Certains ont prétendu qu’Israël et les États-Unis faisaient un «sale boulot » qui profitait à tous les Occidentaux. En tant qu’Occidental, on ne voit pas très bien le profit qu’on en retire. Avions-nous vraiment besoin d’une crise énergétique, laquelle sera suivie d’une récession économique ? Avions- nous besoin de renforcer le régime belliciste russe, qui vient d’obtenir la suspension des sanctions américaines sur ses ventes de pétrole, et qui empoche quotidiennement 200 millions de dollars supplémentaires ? 

En tant que Français, nous sommes attachés au respect du droit international et fiers que notre pays soit un des cinq membres permanents du Conseil de sécurité de l’Onu. La Charte de l’Onu a bien sûr ses imperfections, mais elle est mieux que rien. À raison, elle interdit la politique impériale de la canonnière. À l’exception de la légitime défense, elle soumet l’autorisation de faire la guerre à une instance collective de quinze membres, représentant les États du monde entier.

Pour justifier leur guerre d’agression néoconservatrice contre l’Iran, les États-Unis ne se sont pas contentés de diaboliser leur adversaire (les Occidentaux sont toujours des gentils faisant la guerre à des méchants). Ils ont prétendu être menacés directement par l’Iran – ce qui est une absurdité. C’est la méthode qu’ils avaient déjà utilisée contre Saddam Hussein lors de leur invasion de l’Irak en 2003.

Avant d’attaquer illégalement l’Ukraine, Poutine l’a également diabolisée (régime « nazi »), et affirmé qu’elle menaçait la sécurité du territoire russe, du fait des missiles qu’y aurait un jour installés l’Otan. Le droit international ne se partage pas. Il ne peut pas être une foire où les puissants font ce qu’ils veulent et où seuls les petits doivent se soumettre.

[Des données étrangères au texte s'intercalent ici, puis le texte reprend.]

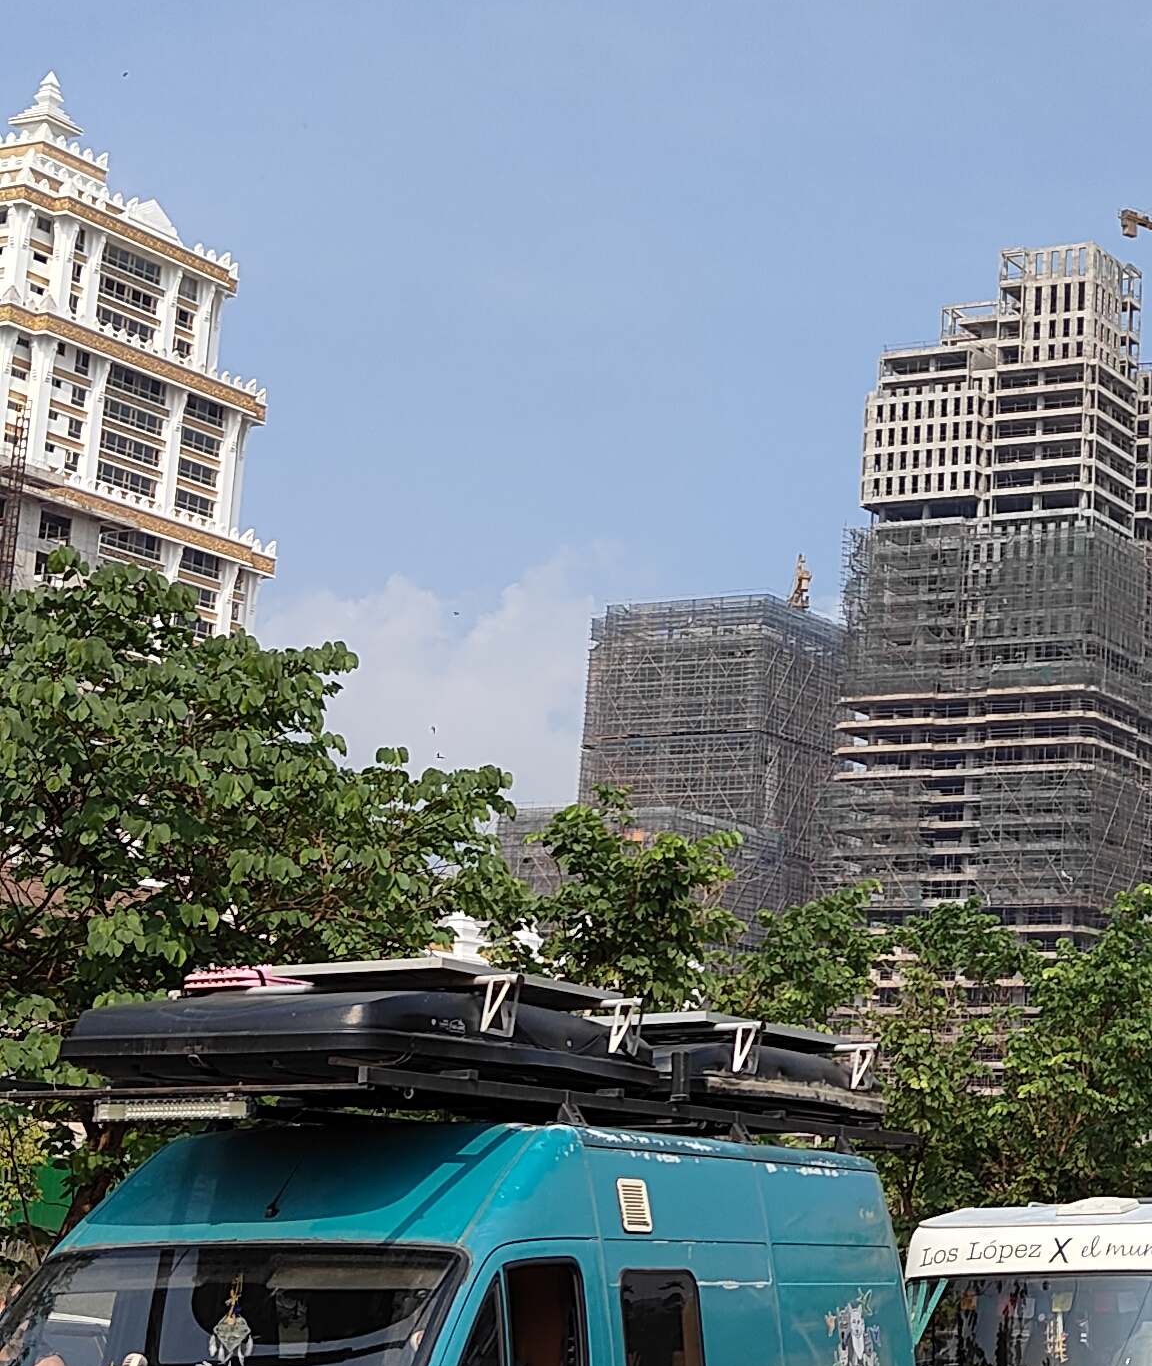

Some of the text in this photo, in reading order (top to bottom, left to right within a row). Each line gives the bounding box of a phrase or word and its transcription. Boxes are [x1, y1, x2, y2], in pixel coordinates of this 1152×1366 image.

Le seul argument recevable des États-Unis et d’Israël est celui de la dangerosité d’un Iran doté de l’arme nucléaire. Dans la mesure où le régime iranien maintient qu’Israël devrait être effacé de la carte du Moyen-Orient, Netanyahou est fondé à dire que cela présente un risque existentiel pour l’État juif. Mais, à l’issue de la « guerre de douze jours » de juin 2025, Trump ne nous avait-il pas assuré que les capacités du programme nucléaire iranien avaient été totalement « oblitérées » ?

Par ailleurs, selon le médiateur omanais des négociations irano-américaines, Téhéran était prêt à accepter de ne plus stocker de matière fissile sur son territoire, en échange d’une levée des sanctions. Les Iraniens voulaient seulement garder leur droit à enrichir sur leur sol de l’uranium à usage civil, lequel est reconnu par le traité de non-prolifération nucléaire, qu’ils ont signé. Ils avaient accepté, de surcroît, le principe d’inspections inopinées de l’AIEA (Agence international de l’énergie atomique de Vienne).

Je serais le premier à me réjouir de voir Trump et Netanyahou défiler dans les rues de Téhéran, sous les fleurs lancées par la population. Mais c’est un scénario archi improbable.

La guerre nourrit toujours la guerre, l’emmenant sur des rivages inconnus. Si Trump n’arrête pas sa guerre aujourd’hui, le scénario le plus probable aujourd’hui est celui de l’escalade, d’un durcissement du régime iranien, d’un conflit s’étendant à l’ensemble du Moyen-Orient et, enfin, d’un retour de flamme gigantesque dans le monde contre les intérêts américains – qui sont aussi, qu’on le veuille ou non, en partie les nôtres.